Psyche is about to use Mars as a slingshot
NASA’s Psyche spacecraft is nearing a close flyby of Mars scheduled for May 15, a maneuver designed to send the mission onward to its ultimate destination: the metal-rich asteroid 16 Psyche. The encounter is both a navigational milestone and a science opportunity, giving the spacecraft a gravity assist while also letting the mission team test and calibrate instruments against a major planetary target.
Psyche launched on October 13, 2023 aboard a SpaceX Falcon Heavy and is traveling to an unusual world thought to represent the exposed metallic core of a failed protoplanet or an early building block of the solar system. That makes the mission important not only for asteroid science but also for understanding how rocky worlds form and differentiate.
A very close approach
The spacecraft is expected to pass about 4,500 kilometers from Mars, close enough to move inside the orbits of the planet’s two small moons, Phobos and Deimos. Approaching from near the anti-sunward side means Psyche has been seeing the dark side of Mars before closest approach, with the planet growing into a crescent view that is not visible from Earth.
That geometry is one reason the flyby has drawn attention beyond its propulsion value. It offers a perspective on Mars that is visually striking and operationally useful, allowing the mission to gather images under changing lighting conditions before and after the closest pass.
An instrument rehearsal before the main event
Mission engineers plan to use the flyby as a dress rehearsal for the primary science campaign at 16 Psyche. NASA says the spacecraft’s multi-spectral imager will be active throughout the encounter, capturing views of Mars before and after closest approach. The team also intends to use the opportunity to calibrate the mission’s instruments on something far larger and more complex than the small points of light they have observed so far in flight.

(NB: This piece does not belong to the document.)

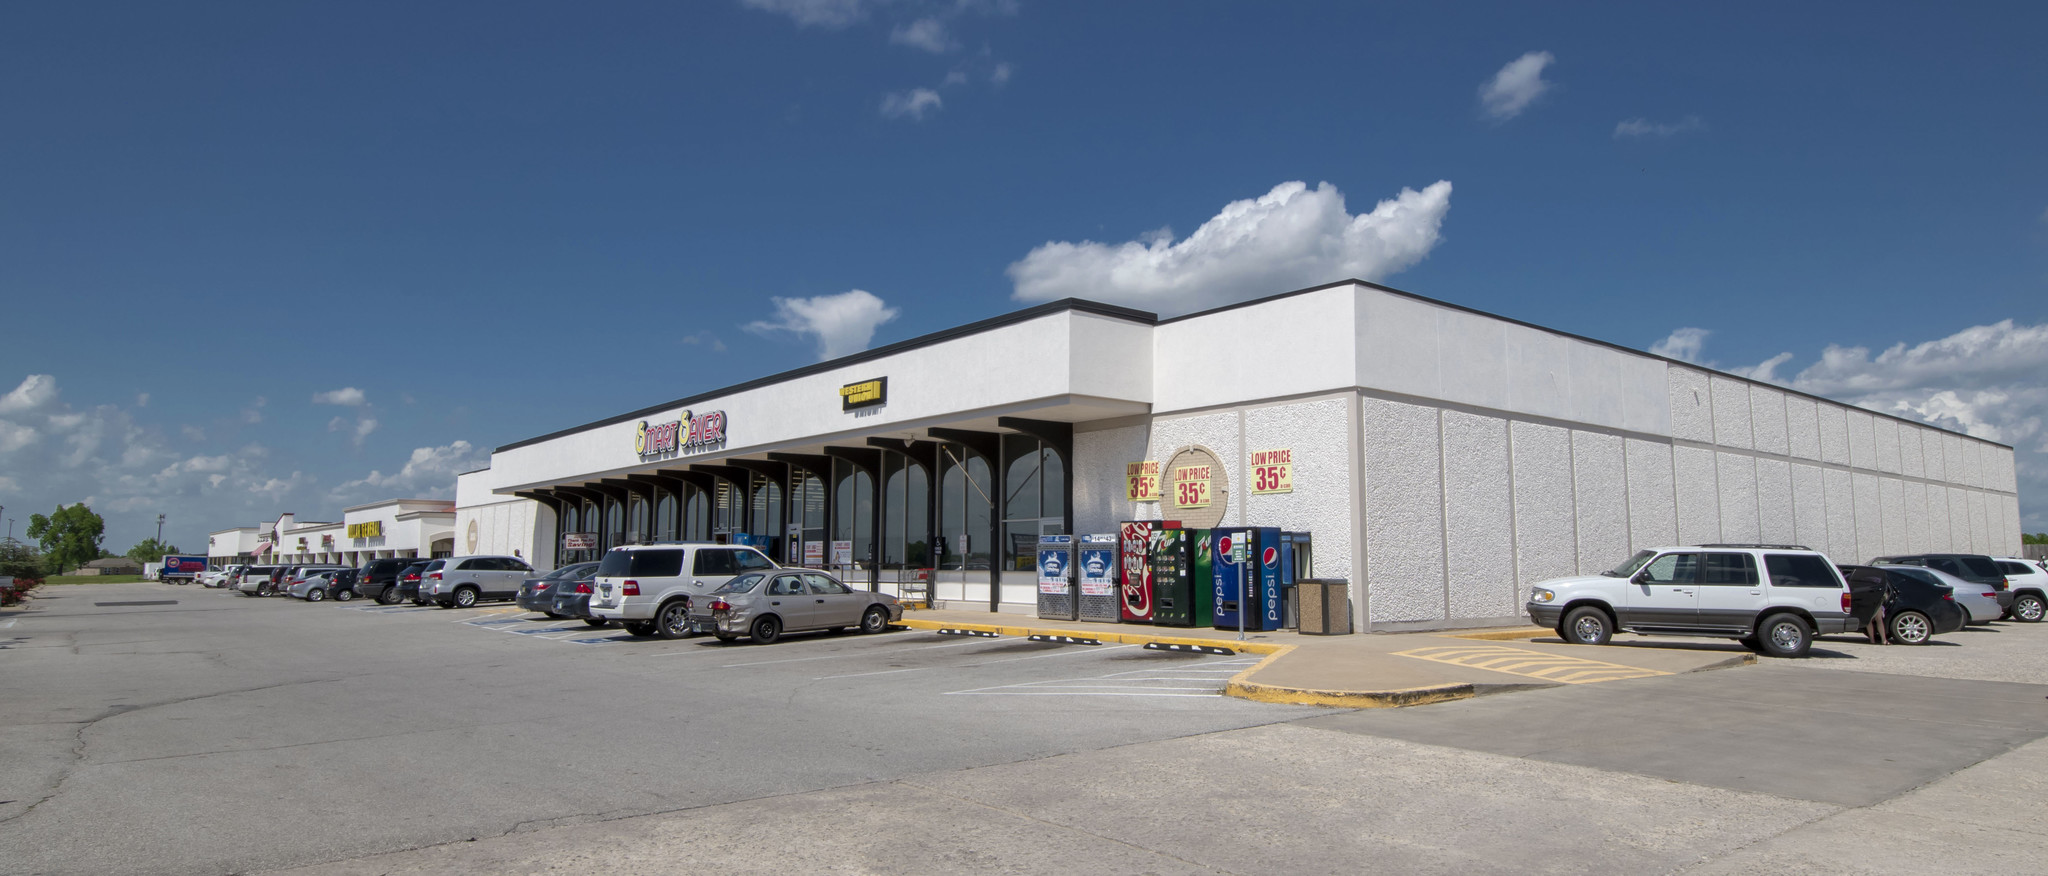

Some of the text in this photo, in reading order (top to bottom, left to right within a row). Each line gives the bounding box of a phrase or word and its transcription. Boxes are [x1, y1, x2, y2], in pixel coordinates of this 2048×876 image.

That matters because Psyche relies on a suite of instruments that will need to work together precisely once the spacecraft arrives at its target. A Mars flyby provides a real-world systems check under operational conditions, which is more valuable than a purely simulated test.
Electric propulsion, gravity assist
Psyche is also notable for the way it travels. The spacecraft uses solar-electric propulsion fueled by xenon gas, an approach that is highly efficient over long distances but works by delivering gradual acceleration rather than the fast bursts associated with conventional chemical rockets. Gravity assists are therefore especially useful, allowing the spacecraft to borrow momentum from a planet without spending additional propellant.
The Mars encounter gives Psyche exactly that kind of boost, redirecting and accelerating the mission onto the trajectory needed for its eventual arrival at 16 Psyche.
A chance for bonus Mars science
The flyby could produce more than engineering data. The source report notes that the unusual alignment may give Psyche a chance to observe the suspected dusty ring torus around Mars, thought to arise from micrometeoroid impacts on Phobos and Deimos. Even if that remains uncertain, the geometry alone creates a rare observation window for a spacecraft not primarily devoted to Mars science.
Those opportunities are common in interplanetary missions: a navigation requirement turns into a scientific side mission if instruments, lighting and timing line up well enough.
Why this mission stands out
Psyche is one of NASA’s more conceptually intriguing deep-space missions because its destination is so unlike the rocky planets or icy worlds usually highlighted in public imagination. If 16 Psyche really is a metal-rich remnant of early planetary construction, it may offer an indirect way to study processes that are normally hidden deep inside larger worlds.
That is why this week’s Mars flyby matters. It is not just a scenic stop on the way to an asteroid. It is the maneuver that helps turn an ambitious launch into a credible path toward one of the solar system’s strangest and potentially most revealing objects.